In the career of an American architect, a stint in Europe constitutes a rite of passage, or at the very least, a style-forging experience. The architect Nicola Maggiaioli, born in Florence, Italy, made the reverse trajectory. In the middle of his life, he found himself lost in a dark wood. He’d reached a creative impasse in his work. For this Florentine, the way out was on the other side of the Atlantic, where he landed a job at Stelle Lomont Rouhani, one of eastern Long Island’s preeminent architecture firms. That is how Maggiaioli, who spent his formative years surrounded by the great buildings and art works of the Western tradition, ended up fluent in the architectural vernacular of the Hamptons. 

Maggiaioli, who today is a partner in the studio Micchi Minuti, credits his American sojourn with sharpening his sense of ‘when to respect the rules and when to break them.’ Since returning to Italy in 2018, he has distinguished himself for his ability to invert established design tropes to playful, uncommon effect. 
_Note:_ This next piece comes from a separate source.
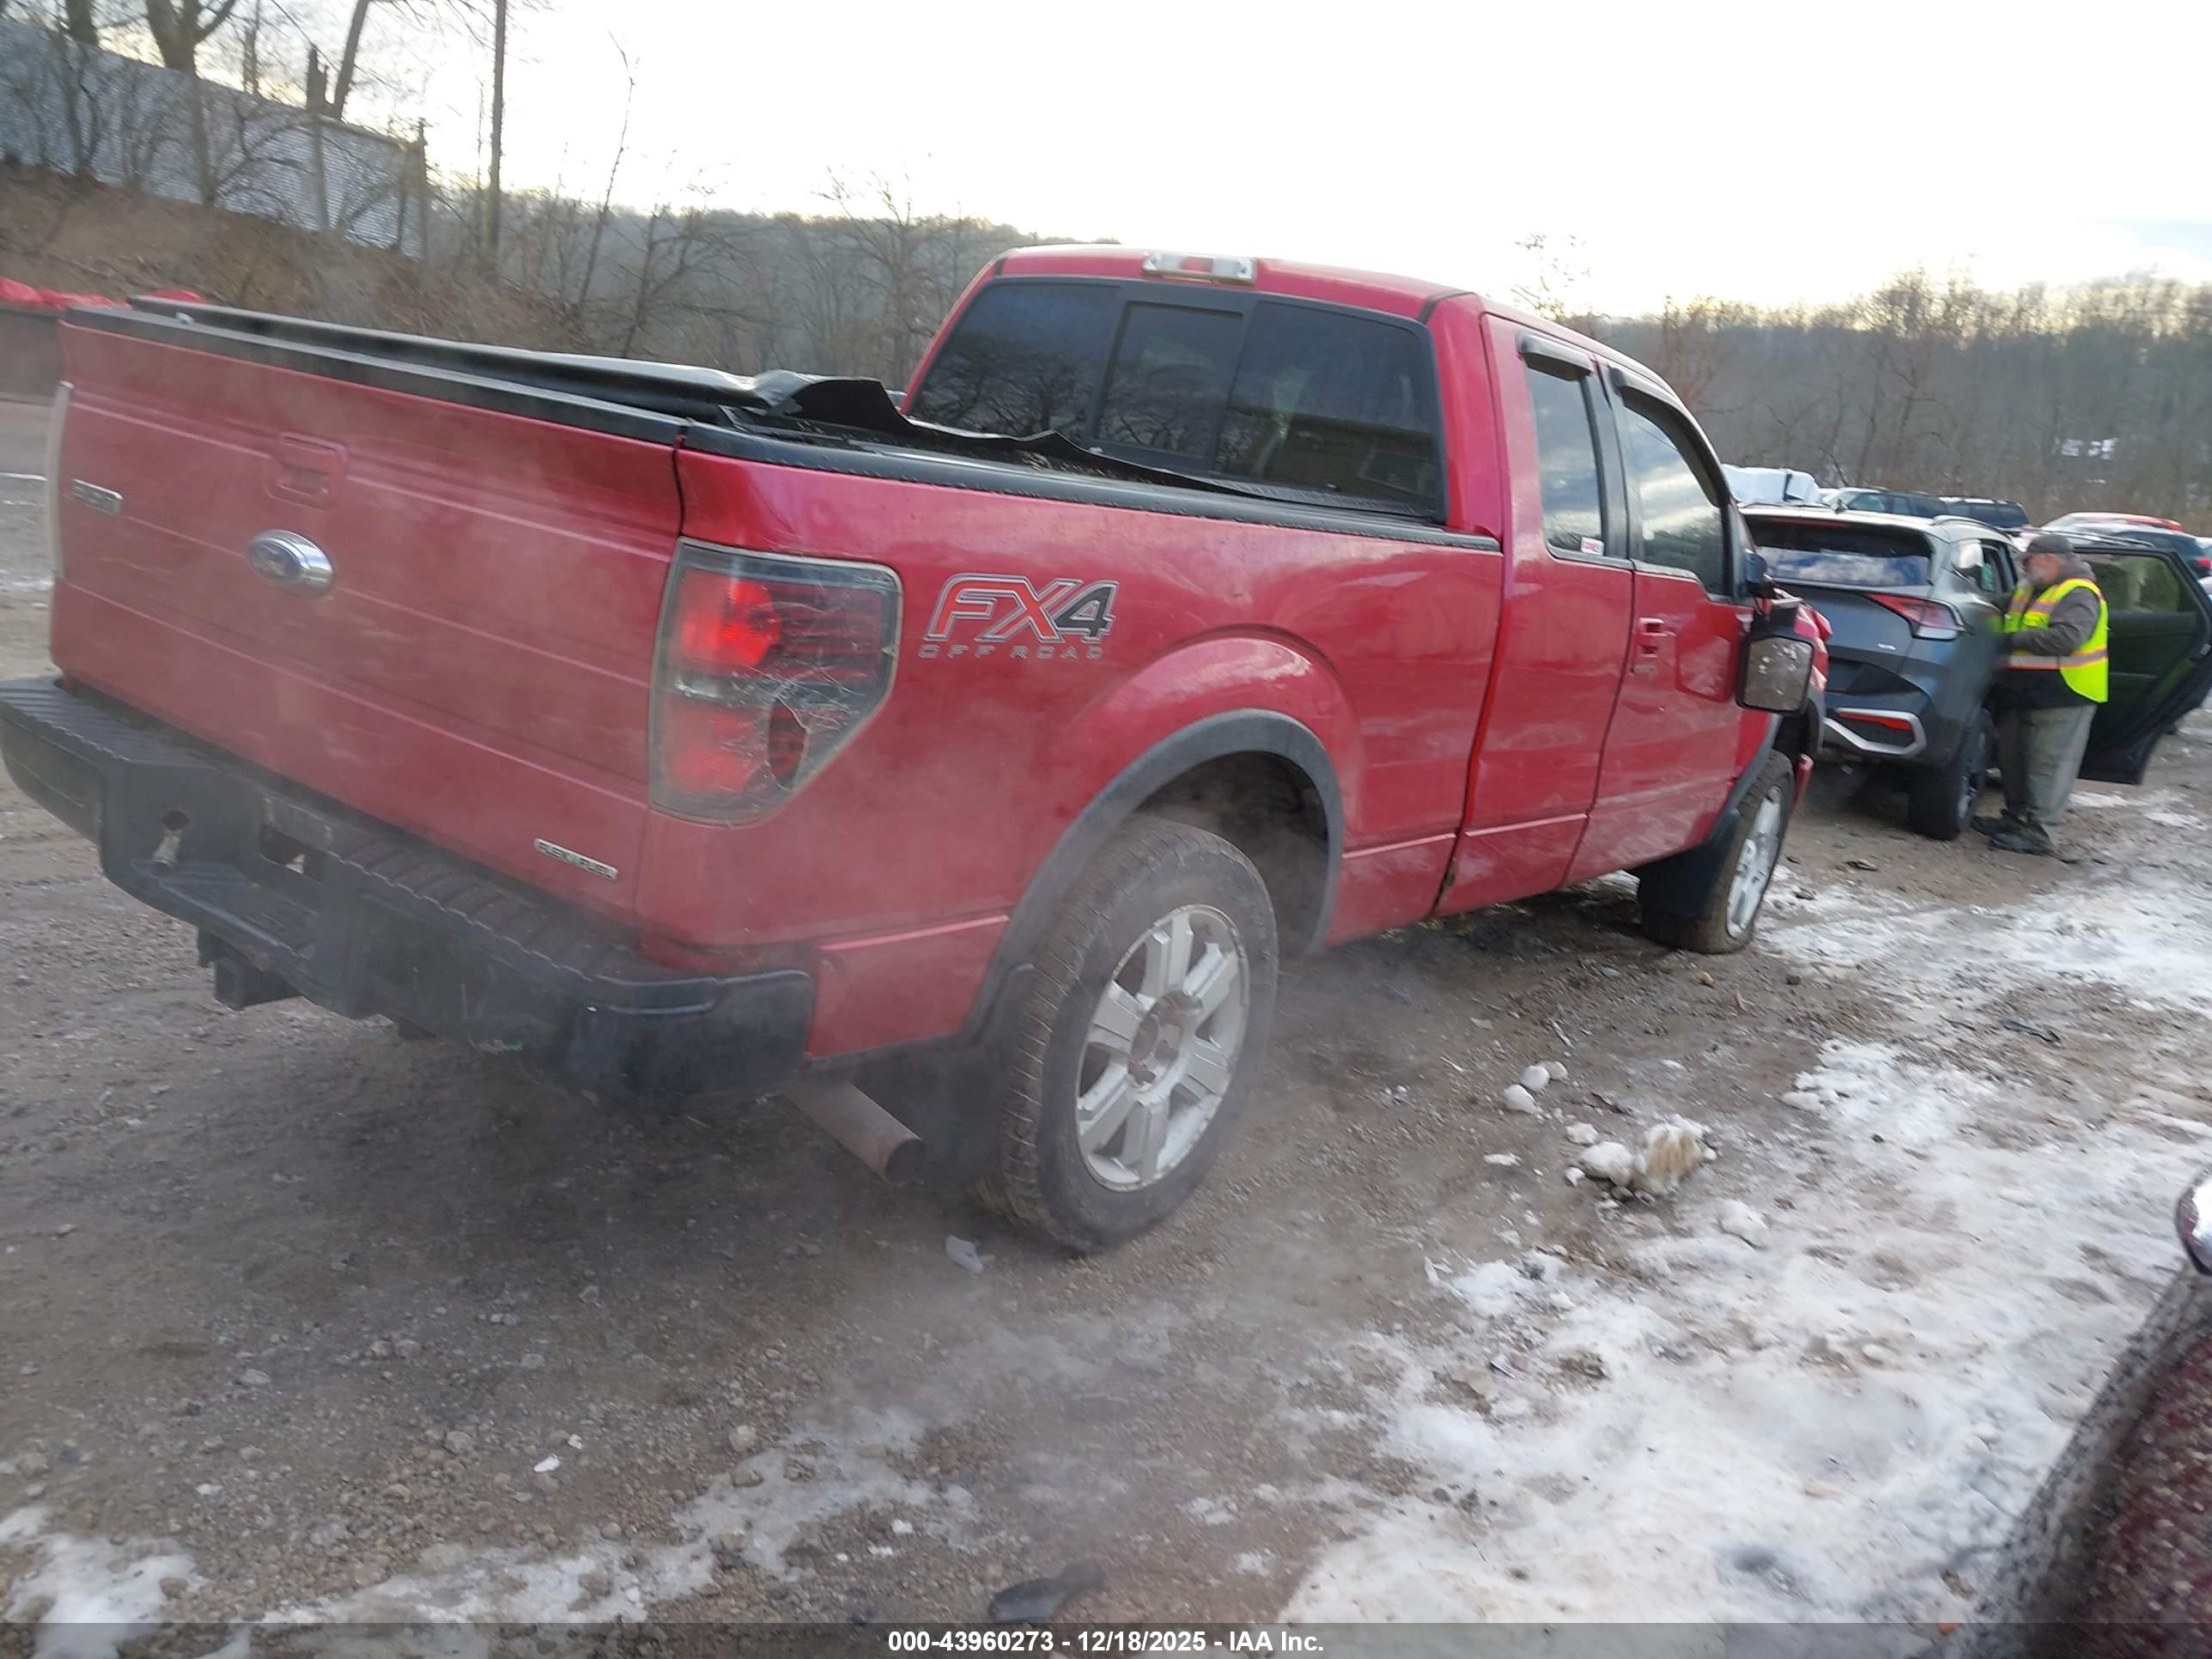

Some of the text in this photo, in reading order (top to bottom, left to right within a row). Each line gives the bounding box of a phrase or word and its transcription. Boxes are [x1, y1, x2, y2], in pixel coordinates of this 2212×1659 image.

[922, 572, 1120, 644] FX4
[917, 644, 1105, 659] OFF ROAD
Take his redesign of the Golden View. a restaurant overlooking the Arno in the Ponte Vecchio quarter of Florence. Design cognoscenti have been known to stop in just to behold its olive wood and marble bar. Maggiaioli fashioned the base from a 700-pound hunk of white Carrara marble which he then topped with a two-and-a-half-inch-thick slab of olive wood. Through the topsy-turvy union of those elemental materials, he created a thing of beauty which seems so right that all who see it wonder why no one ever thought of it before. The deep-grained countertop would look equally at home in a domestic kitchen and will have you wishing slabs of olive wood were more readily available in this country. 

The other salient feature of Maggiaioli’s work — which he attributes in part, modestly, to his time in the Hamptons — is his treatment of natural light. That talent is on full display in Perugia, up three flights of stone steps, in a 3,200-square-foot apartment distributed over the top four floors of a house dating to the eighteenth century that he and his colleagues at Micchi Minuti refurbished earlier this year. 
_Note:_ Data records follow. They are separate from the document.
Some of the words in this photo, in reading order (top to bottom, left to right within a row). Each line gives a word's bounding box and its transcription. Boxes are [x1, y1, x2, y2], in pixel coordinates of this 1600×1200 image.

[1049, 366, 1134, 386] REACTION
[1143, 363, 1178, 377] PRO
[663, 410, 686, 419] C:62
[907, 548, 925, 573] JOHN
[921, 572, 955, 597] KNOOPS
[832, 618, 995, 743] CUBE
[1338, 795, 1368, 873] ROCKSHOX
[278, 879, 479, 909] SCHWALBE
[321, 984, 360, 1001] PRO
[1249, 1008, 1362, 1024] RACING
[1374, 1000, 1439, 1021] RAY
Maggiaioli took pictures of the house last April in the stillness of lockdown before its owners moved in. Even without furniture or ornament, the sun-dazzled rooms exude a feeling of warmth. They feel somehow complete. At a guess, it’s to do with the scale of the windows, which the team was able to enlarge, and the disposition of the rooms, which are orientated to take in the thoughtfully-framed views of the city’s ancient towers and churches. Maggiaioli brings a painter’s instinct for composition to his layouts and he pays special attention to doorways, openings, alcoves, and windows. 
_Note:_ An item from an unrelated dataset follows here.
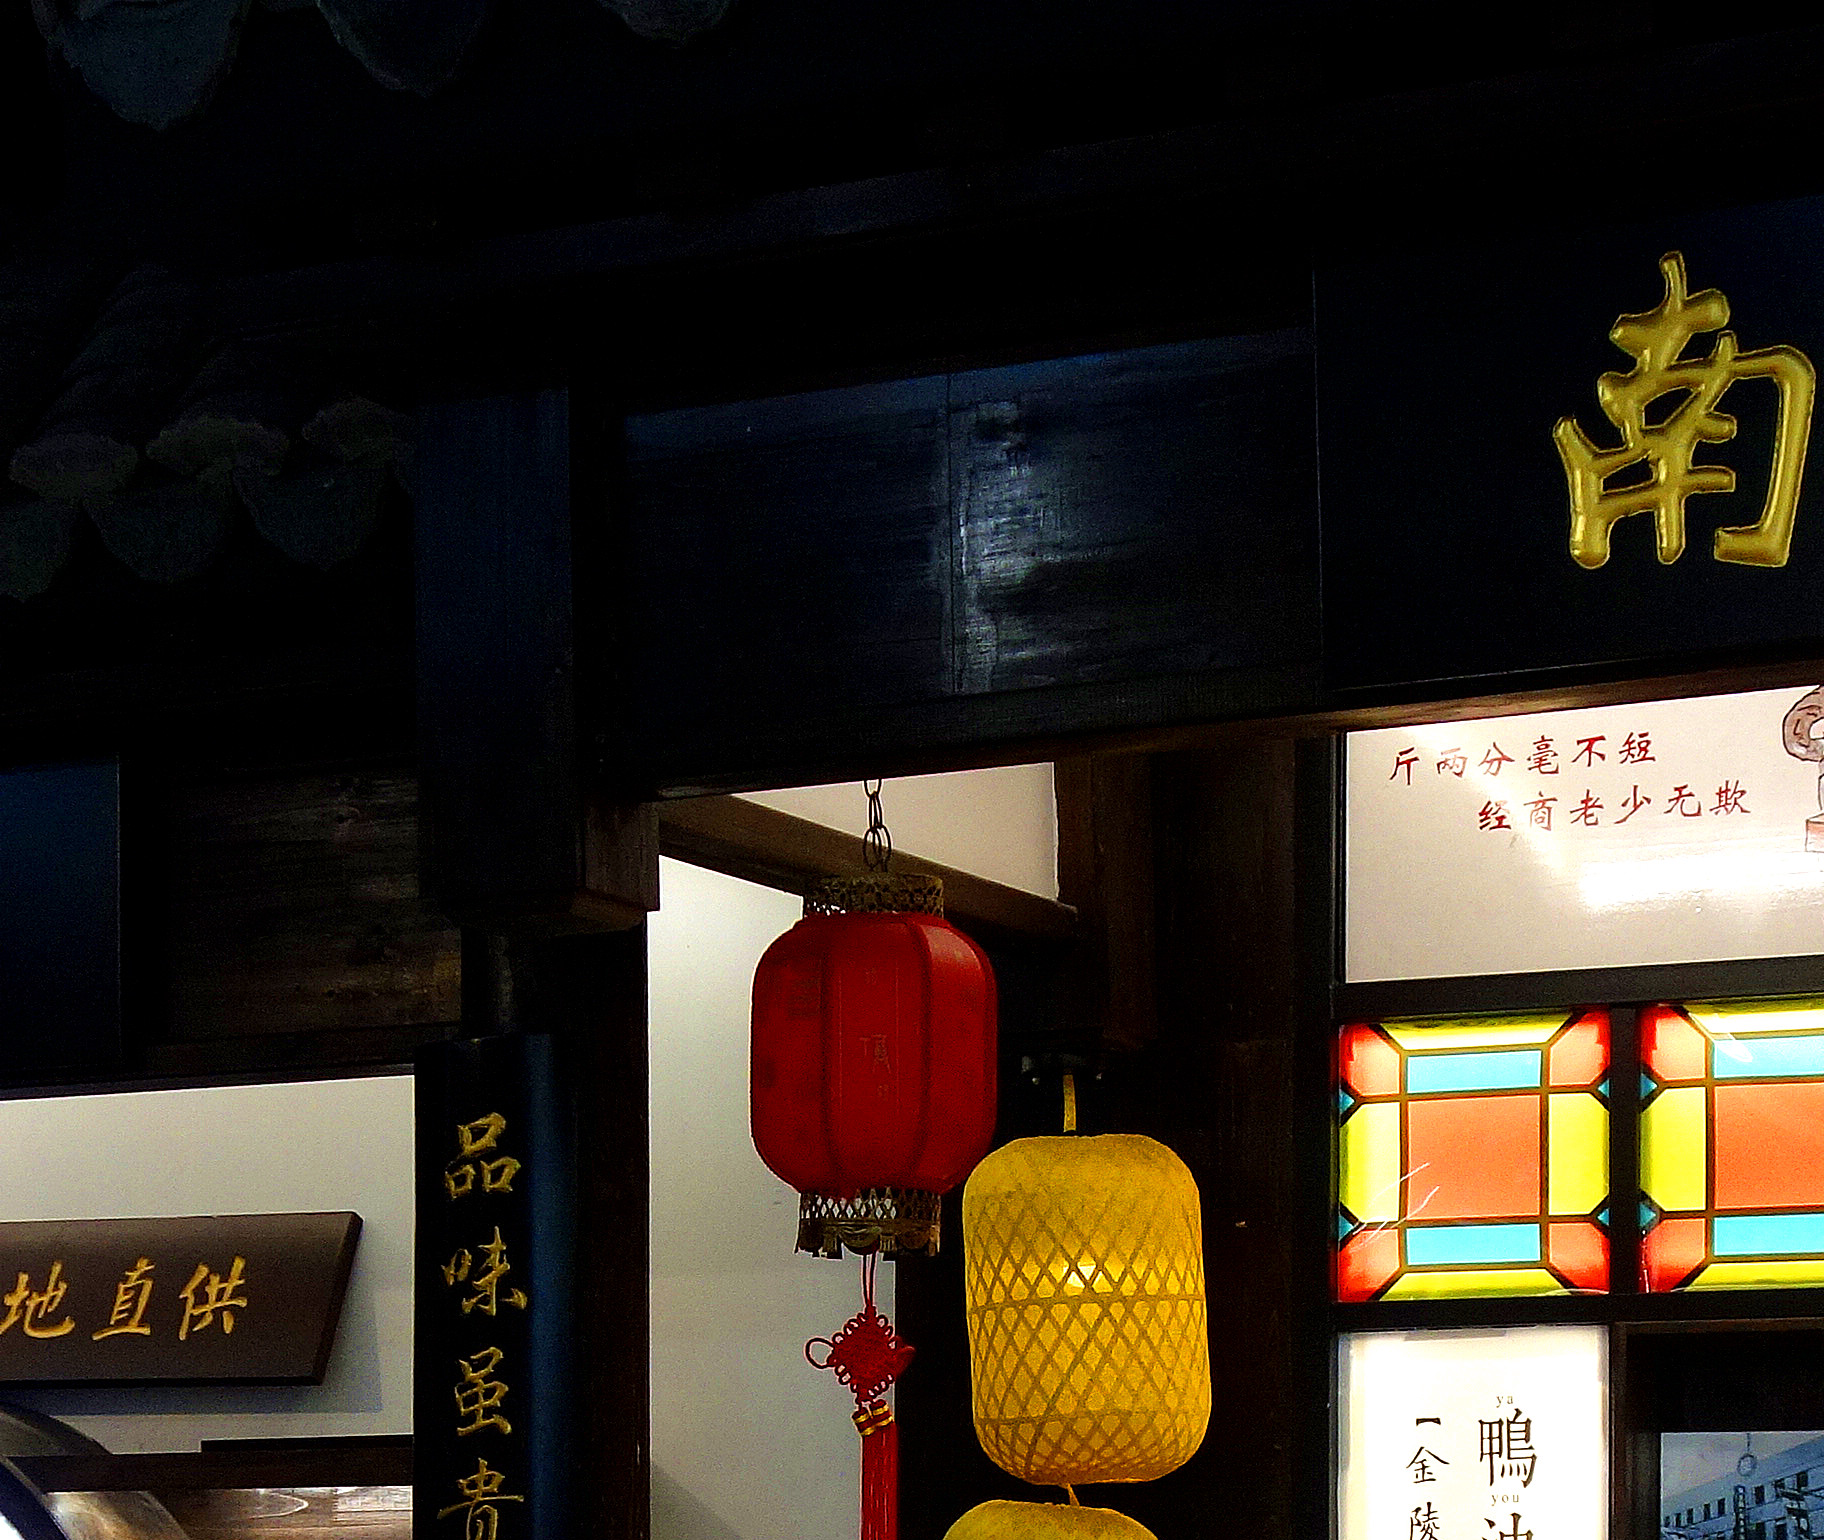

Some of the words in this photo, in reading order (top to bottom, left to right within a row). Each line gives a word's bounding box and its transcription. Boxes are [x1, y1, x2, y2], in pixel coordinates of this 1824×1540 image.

[1388, 731, 1658, 786] 斤两分毫不短
[1478, 783, 1752, 835] 经商老少无欺
[1496, 1394, 1514, 1408] ya
[1490, 1491, 1521, 1506] you
Front elevation of a 19th-century country house in Perugia restored and refurbished by Micchi Minuti + Partners.  

As the global health crisis subsides, there’s been a huge demand for architecture services on both sides of the pond. Maggiaioli and design partners Roberto Micchi and Maria Pia Minuti recently finished restoring and returning to life a nineteenth century manse, also in Perugia. (‘In the Nineties, the place was wrecked in an earthquake.’) Simultaneously, Maggiaioli completed plans to remodel a house in the foothills of Florence where the artist Diana Baylon, a contemporary of Eugenio Montale and Lucio Fontana, lived. The property is listed for sale with Sotheby’s International Realty.

Like many European architects of late, Maggiaioli has also begun accepting remote design commissions and has several projects on the East Coast in the pipeline. Through drawings, video footage, and photos, he’s able to transport himself into a space without leaving his studio in Florence. ‘The only thing I can’t see is the view out the window,’ he says. ‘But my clients are good at filling in the gaps.’